We intuitively understand that none of these things can be planned and hatched in a day, week or even a month, regardless of how quickly we want it.

But when it comes to personal growth, we seem to think we can short-circuit the process. We think we can read one book or article that would magically make all our procrastination problem go away — forever. We seem to think that a chronic bad habit can be shed forever just sitting through a 60 minutes webinar.

This poor judgment wouldn’t really be a problem if not that it has significant consequences. When the change we seek don’t happen at the snap of the fingers — as we expect them to — we become frustrated and jaded on the whole idea of personal growth and development. There are people who think the whole idea of personal development is a scam.

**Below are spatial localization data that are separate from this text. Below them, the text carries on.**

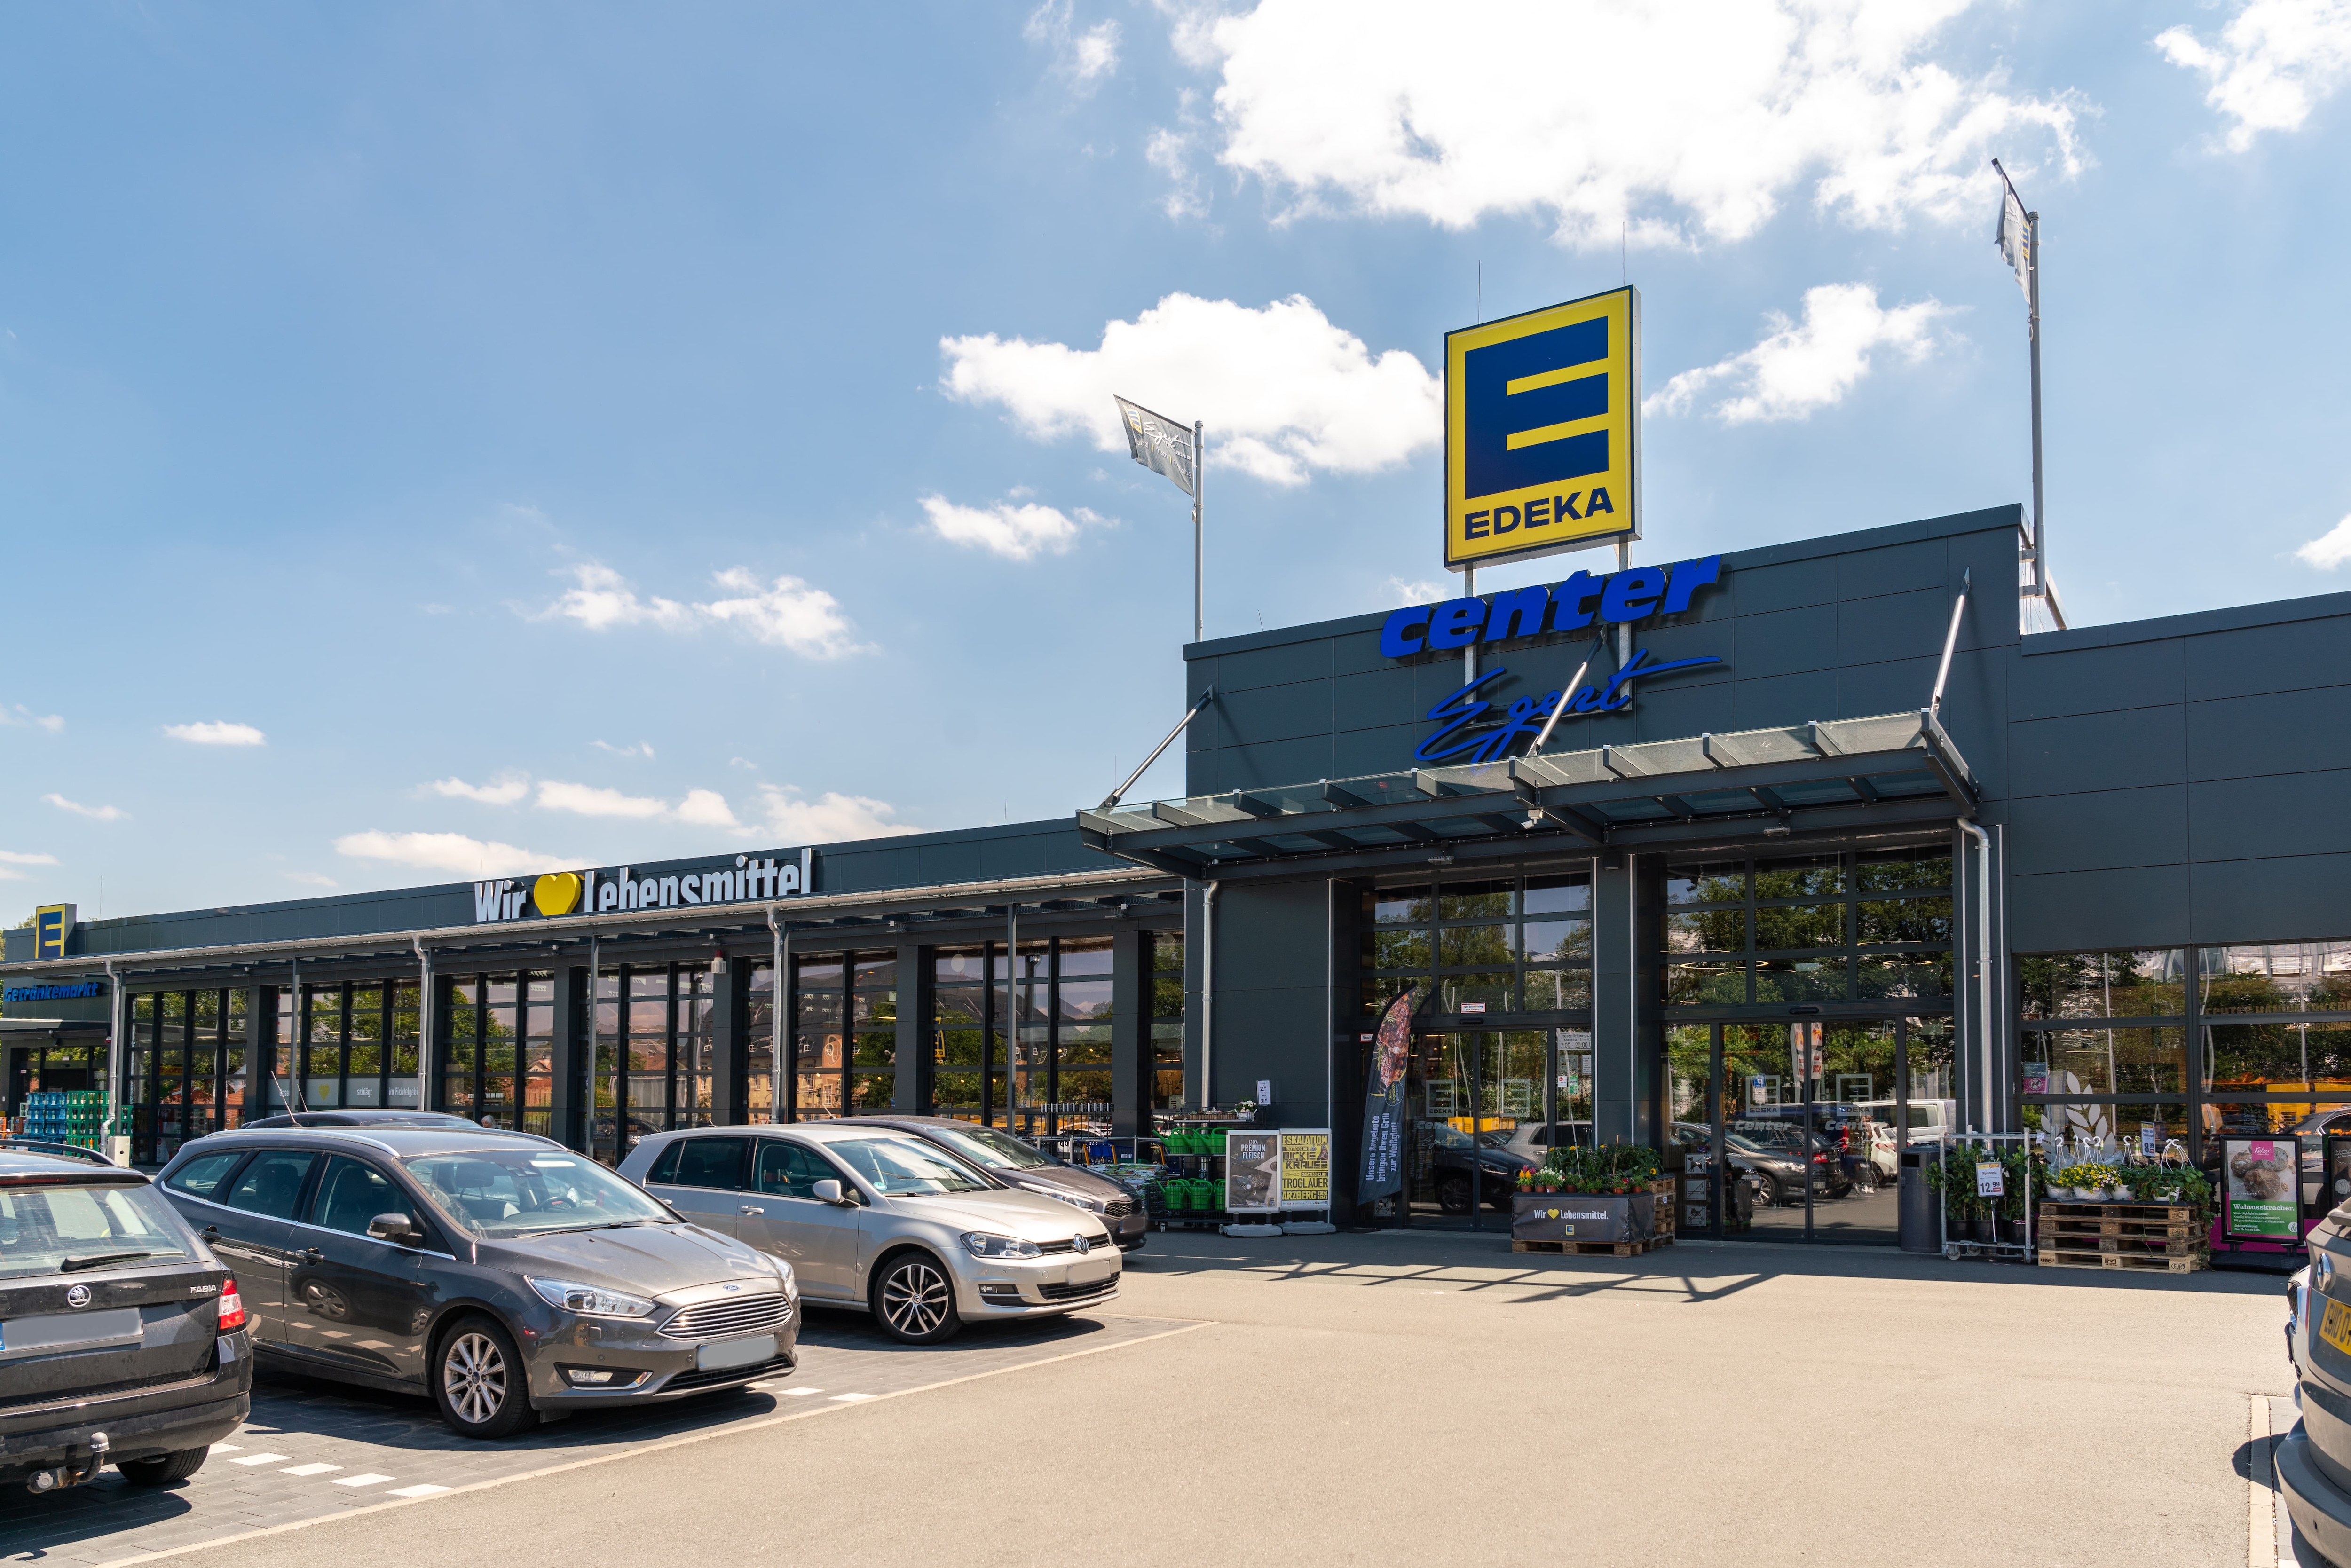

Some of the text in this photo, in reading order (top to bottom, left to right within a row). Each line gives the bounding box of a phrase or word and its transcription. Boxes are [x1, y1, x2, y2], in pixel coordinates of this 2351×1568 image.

[1465, 315, 1609, 500] E
[1465, 487, 1614, 540] EDEKA
[1380, 554, 1722, 658] center
[1414, 648, 1723, 767] Egert
[474, 880, 526, 922] Wir
[4, 982, 98, 1002] Getränkemarkt
[357, 1087, 372, 1098] schlägt
[389, 1087, 394, 1096] im
[395, 1087, 418, 1097] Fichtelgebi
[1735, 1120, 1792, 1130] center
[1282, 1135, 1327, 1144] ESKALATION
[1366, 1115, 1380, 1180] Unsere Angebote
[1376, 1113, 1389, 1182] bringen Ihren Grill
[1389, 1122, 1400, 1158] Weißglut!
[1286, 1161, 1327, 1169] KRAUSE
[1282, 1178, 1328, 1188] TROGLAUER
[1282, 1191, 1317, 1200] ARZBERG
[1534, 1210, 1609, 1220] Wir Lebensmittel.
[190, 1285, 216, 1294] FABIA

A big part of the problem is that self-help marketers make empty promises of big, quick results. They have to. They are desperate to sell their products and make big bucks.

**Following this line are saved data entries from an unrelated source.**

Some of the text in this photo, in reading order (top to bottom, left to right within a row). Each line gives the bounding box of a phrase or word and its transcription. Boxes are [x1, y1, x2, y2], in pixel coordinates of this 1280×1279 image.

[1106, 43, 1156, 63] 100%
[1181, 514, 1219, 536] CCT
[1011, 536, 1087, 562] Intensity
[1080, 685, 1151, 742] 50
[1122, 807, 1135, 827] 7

But they are also aided by the fact that deep down what we actually want is result that’s really big and fast. So we buy that one book or course and sink into it all the expectation that this will finally make all our problem go away.

Personal growth is bound to look like scam if what you expect to get is quick, snap-of-the-finger results. You’ll rarely get that. What’s more common is incremental, tiny, barely perceptible improvement, which, with consistency, develops into a huge breakthrough after several months, or maybe years.

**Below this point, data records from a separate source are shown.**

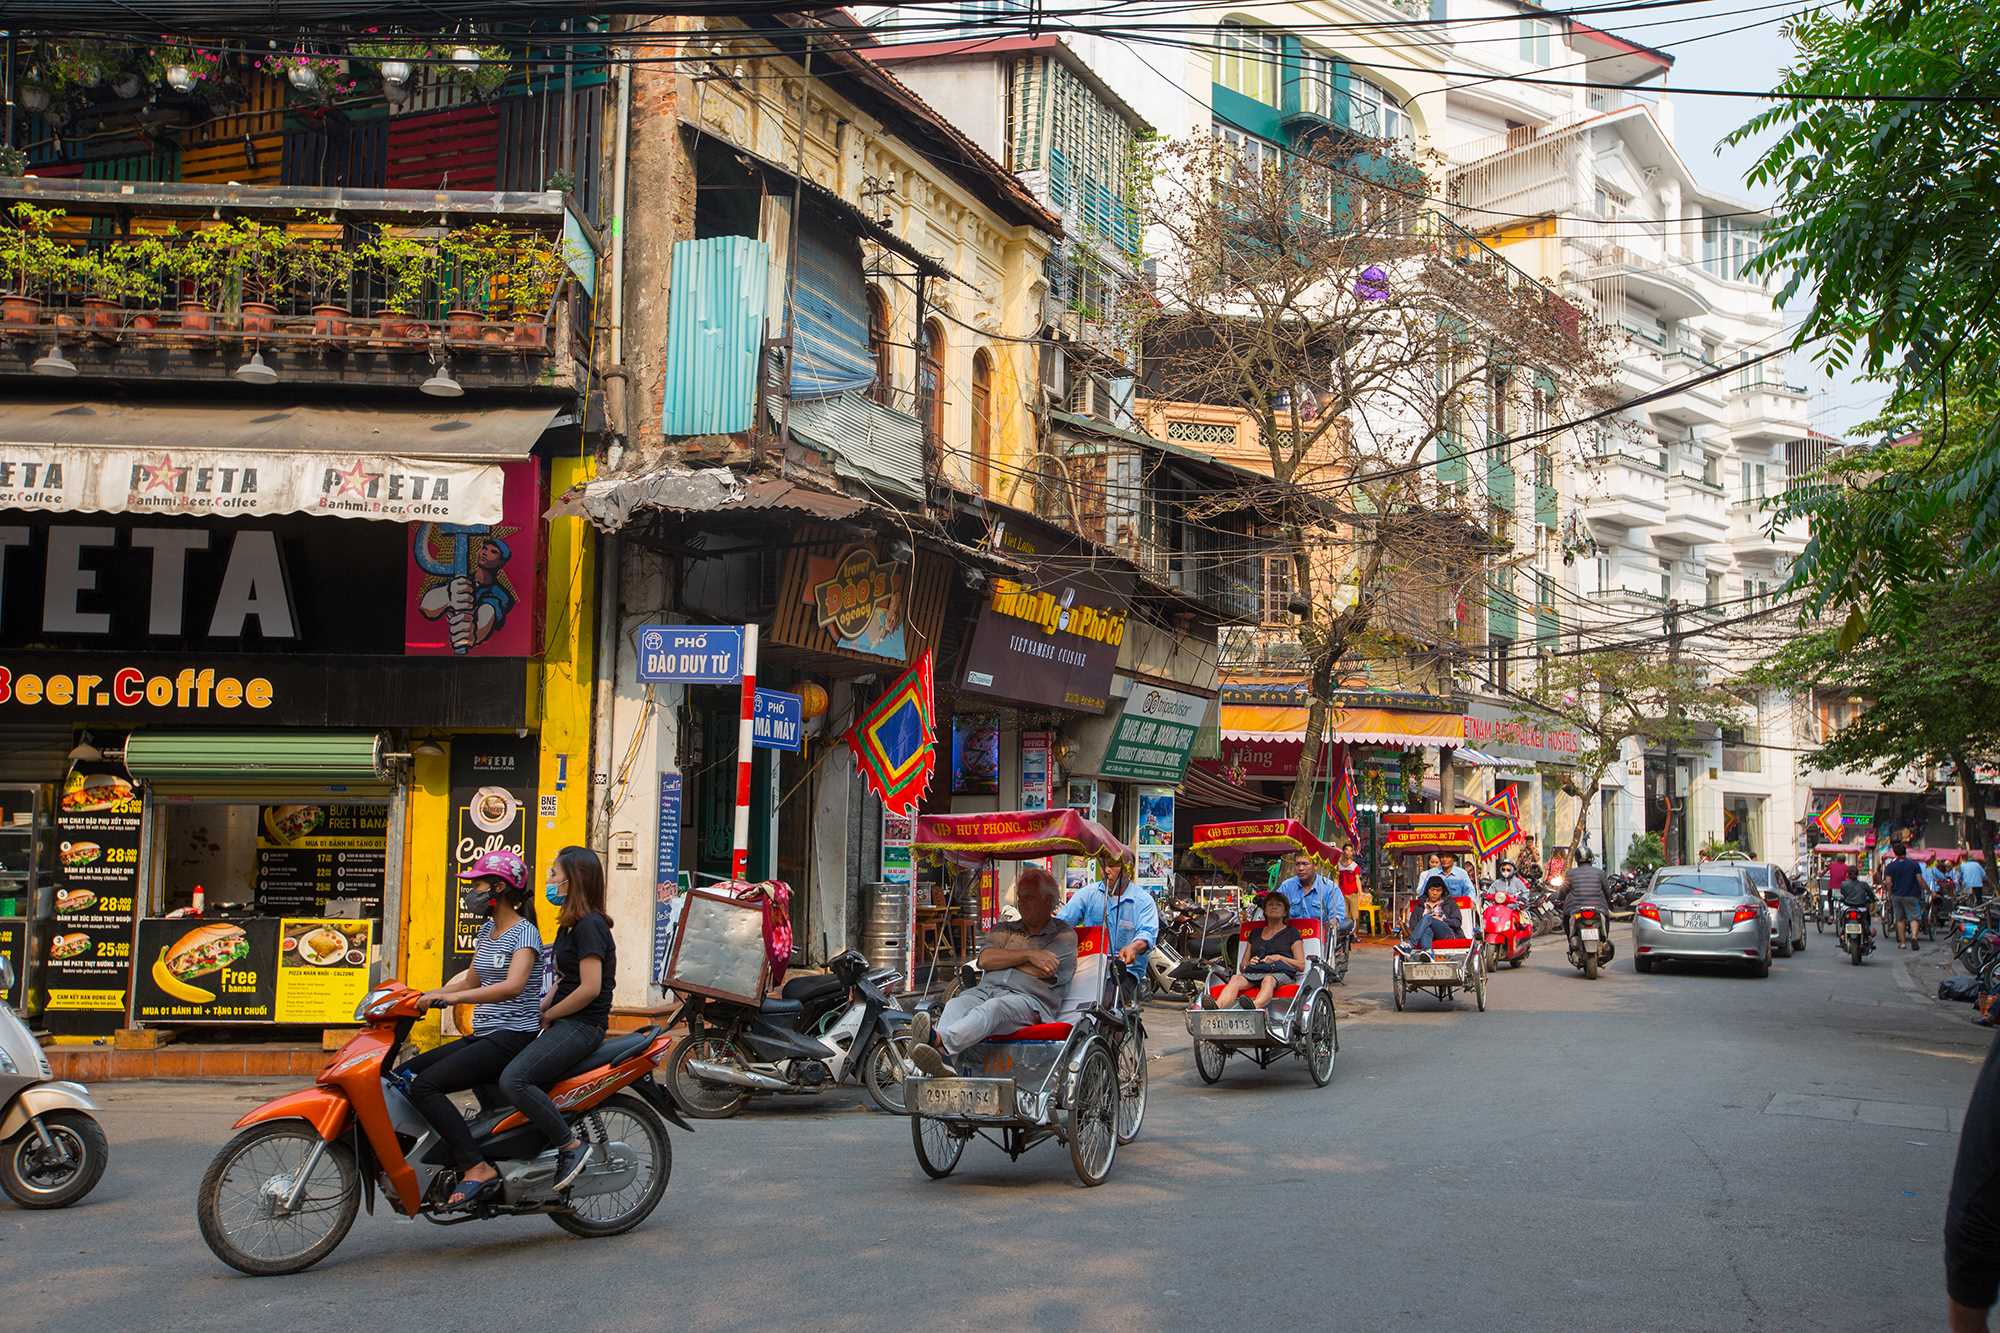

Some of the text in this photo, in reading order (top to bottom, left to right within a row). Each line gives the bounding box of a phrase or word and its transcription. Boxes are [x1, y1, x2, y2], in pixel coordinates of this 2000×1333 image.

[674, 632, 708, 648] PHỐ
[647, 650, 731, 673] ĐÀO DUY TỪ
[1057, 647, 1088, 667] CUISINE
[767, 699, 785, 714] PHỐ
[754, 714, 796, 741] MÃ MÂY
[1547, 730, 1578, 753] HOSTELS
[541, 796, 557, 806] BNE
[956, 824, 981, 836] HUY
[1027, 819, 1045, 833] JSC
[1222, 827, 1237, 836] HUY
[1262, 824, 1274, 833] JSC
[1274, 823, 1285, 834] 20
[1448, 832, 1456, 840] 77
[221, 967, 257, 985] Free
[222, 984, 257, 993] 1 banana
[142, 1007, 160, 1016] MUA
[160, 1007, 170, 1015] 01
[171, 1005, 192, 1015] BÁNH
[213, 1006, 232, 1017] TẶNG
[233, 1007, 242, 1015] 01
[244, 1004, 268, 1016] CHUỐI

Personal Growth Takes Time

The reality therefore is that personal growth, like most processes in the physical natural world, requires enormous patience. To paraphrase billionaire investor, Warren Buffet, “you can’t produce a baby in one month by getting nine women pregnant.,” The same is true for personal growth.

With personal growth, the timeline for any significant, tangible change is often on the scale of months to years rather than days to weeks. Therefore, the willingness to wait the process is crucial.

You would usually not get your time management deficiency fixed by reading one book. Your productivity likely won’t shoot through the roof as soon as you take that productivity course. It’s often the case that you’ll drop the ball several times while trying to cultivate a new habit.

Those are the normal state of things because real personal growth is hard and happens slowly. It’s really a journey that lasts a lifetime. So, you really don’t get to the end of it.

And it’s hard is because lasting change often requires many things to change at the same time: thoughts, limiting beliefs, behaviour, environment, reinforcement and so on. Therefore, the big breakthrough rarely occurs in an instant as we often expect, it builds up gradually through months and years of striving, taking baby steps, falling, rising, learning from the experience and improving.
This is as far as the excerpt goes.